To ascertain nontextual cues, BibPort accesses a sequential container called "Words" located within a Document object, which corresponds to an open document within Word. In Figure 7, the Words container holds each individual parsed word of the document separately, as well as flags indicating whether specific formatting is activated (such as underlining, italics, or boldface). BibPort accesses the attribute flags within the Word object to obtain the visual cues used to assist in disambiguating a reference.

Using the WOM solves the difficulty of requiring understanding of file formats, but introduces a second problem: Because Word defines the manner in which words and characters are tokenized in documents, there will be several categories of tokens that are not split into the form needed by BibPort's parsers. One particular instance of this is the distribution of punctuation among tokens. The Words array was designed to be used with English words as its logical unit instead of more discrete units with punctuation being independent. Hence, WOM tends to group punctuation marks with words instead of representing them as separate tokens.

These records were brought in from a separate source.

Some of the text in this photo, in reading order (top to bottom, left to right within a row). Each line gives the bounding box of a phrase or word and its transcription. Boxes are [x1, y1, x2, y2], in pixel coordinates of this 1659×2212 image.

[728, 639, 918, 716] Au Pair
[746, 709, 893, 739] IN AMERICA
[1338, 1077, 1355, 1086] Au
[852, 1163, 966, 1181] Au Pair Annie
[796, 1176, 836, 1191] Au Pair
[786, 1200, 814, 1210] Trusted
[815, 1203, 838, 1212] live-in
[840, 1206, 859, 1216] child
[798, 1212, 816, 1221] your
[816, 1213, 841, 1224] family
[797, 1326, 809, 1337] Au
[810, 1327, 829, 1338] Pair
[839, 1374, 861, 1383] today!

Figure 7: Nontextual cues in the WOM.

Listing One is a sample of the BibPort parsing code. This particular code listing is invoked to determine whether the current word is the beginning of the title for a book. There are several features in this snippet worth noting. First, because BibPort is programmed as a Word AddIn, the various WOM entities are inserted directly into a namespace called ThisAddIn. There is a single Document reference that is available within the Application object that indicates the current working document in Word.

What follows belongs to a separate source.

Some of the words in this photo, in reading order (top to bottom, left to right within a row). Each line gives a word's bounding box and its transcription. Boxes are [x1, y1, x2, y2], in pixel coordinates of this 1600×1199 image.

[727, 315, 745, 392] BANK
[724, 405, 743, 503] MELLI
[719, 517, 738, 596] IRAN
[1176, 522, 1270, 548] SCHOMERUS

Word.Document doc = Globals.ThisAddIn.Application.ActiveDocument;
while (doc.Words[index].Underline == 
             word.WdUnderline.wdUnderlineSingle) 
{ 
    if (doc.Words[index].Text.Trim() == "." &&
             doc.Words[index + 1].Underline != 
             Word.WdUnderline.wdUnderlineSingle)
         break; 
    title += doc.Words[index++].Text;
} 
if (title == "") return false; 
Listing One

A second observation concerns the code's manner of inspection of the token. In the APA style, the only means of detecting a book title is whether it's underlined. If it's not, the reference certainly is not a book, so BibPort stops parsing. As you can see, this is directly tested by a comparison of a particular attribute of a word against another value within the WOM that represents a single underlining.